I now have 8 years of non discretionary expenses layer out the first being accessible in a year and a bit, so 9 years out.
I'm starting to think this is about as far out as I want to go at current rates as even mild inflation erodes purchasing power that far out.
So how do you deal with your bond ladder and time frames?
 
I think the strategy is to always give yourself the option of going long for a higher rate or staying short if you will need the money and be able to do this at regular intervals. You may have 9 years of the value of your expenses, but what are the maturities of the bonds? That is what matters most.
 
I have stayed relatively short, principally due to interest rate risk.

I own a number of target maturity bond funds. The thing that I have noticed is that the returns lag during the terminal year because bonds mature throughout the year and proceeds are invested short term so there will be liquidity for the end of year terminal distribution. To avoid this last year of poor returns, I sell about 9 months to a year before the terminal distribution is scheduled to be made. YMMV... but check it out.
 
Can a bond ladder really be effective with funds and not the actual bonds? Aren't you losing the benefit by convoluting multiple bonds such as the terminal issue mentioned above.
 
These target maturity bond funds are akin to owing a proportionate interest in a portfolio of bonds that mature in a particular year... substantively similar to owning individual bonds that mature in a particular year but with more diversification in exchange for a 0.10% or 0.24% management fee.
 
These target maturity bond funds are akin to owing a proportionate interest in a portfolio of bonds that mature in a particular year... substantively similar to owning individual bonds that mature in a particular year but with more diversification in exchange for a 0.10% or 0.24% management fee.

That fee plus the terminal year drag on an already comparatively low yielding investment is quite a price. Just buy the bonds. FIDO charges a dollar commission per bond.
 
The terminal year drag is easily avoidable.. I just sell a year before the terminal distribution... no problem. The fee is modest and I get more diversification than if I would get buying individual bonds (325 different issuers in my mainstay target maturity fund) and I don't have to spend time trying to design a portfolio and select bonds... worth it for me.
 
That fee plus the terminal year drag on an already comparatively low yielding investment is quite a price. Just buy the bonds. FIDO charges a dollar commission per bond.



Thanks, but that still leaves the original question - How long of a time frame is reasonable?
Early rungs are CDs and individual bonds, but I like the diversification the funds provide and am willing to pay for the convenience. Also, most fixed income is in AGG, not all on the ladder.
 
The terminal year drag is easily avoidable.. I just sell a year before the terminal distribution... no problem. The fee is modest and I get more diversification than if I would get buying individual bonds (325 different issuers in my mainstay target maturity fund) and I don't have to spend time trying to design a portfolio and select bonds... worth it for me.
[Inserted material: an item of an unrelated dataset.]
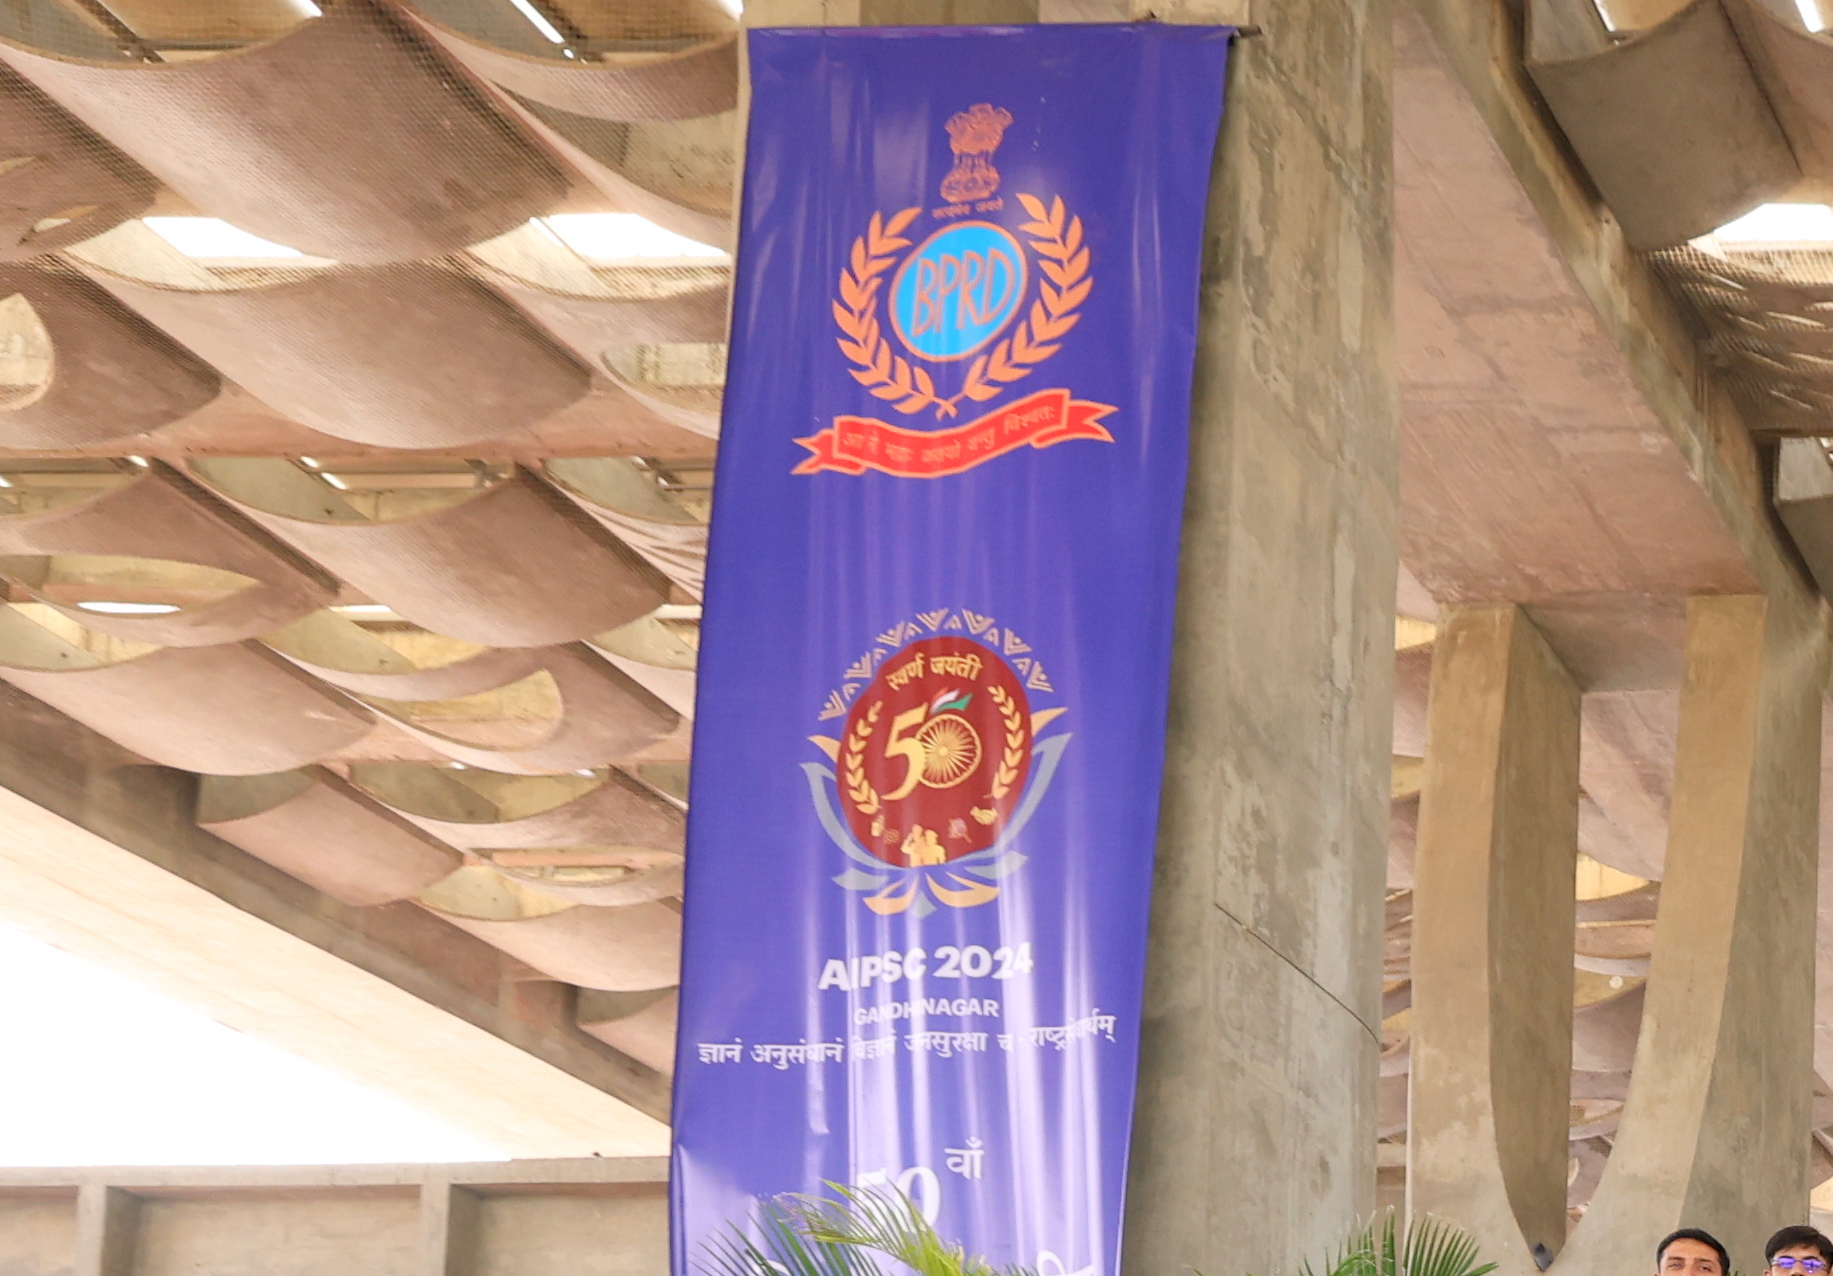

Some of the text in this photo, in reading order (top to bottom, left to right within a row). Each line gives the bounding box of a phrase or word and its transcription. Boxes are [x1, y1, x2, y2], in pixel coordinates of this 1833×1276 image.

If it works for you, I applaud your plan. :)
For others reading the thread, there are bond (and CD) ladder tools at FIDO that help you pick the number of rungs and type of bond to make it a little easier to do on your own.

Cheers!
 
I'll have to check that out... but how many different issues would I need to own to be reasonably diversified? and how much is a reasonable amount to own per issuer?

I guess if they are in a tax deferred account then there is no accounting nightmare to be considered.
 
Using individual TIPS for your rungs 10 years out should be reasonable. Currently you would get about 0.4% interest plus whatever inflation runs over the next ten years. If interest rates go up, it is likely because inflation is heating up, so the inflation adjustment in TIPS will automatically increase your return. However, real interest rates (the 0.4% currently) may increase as bond yields in general increase. This would reduce the market value of a TIPS, but would be of little consequence if you held it to maturity.

When laddering, it is best to have a fairly good idea of how much you will need each year, so you don't have to take the risk of accepting market prices for selling early.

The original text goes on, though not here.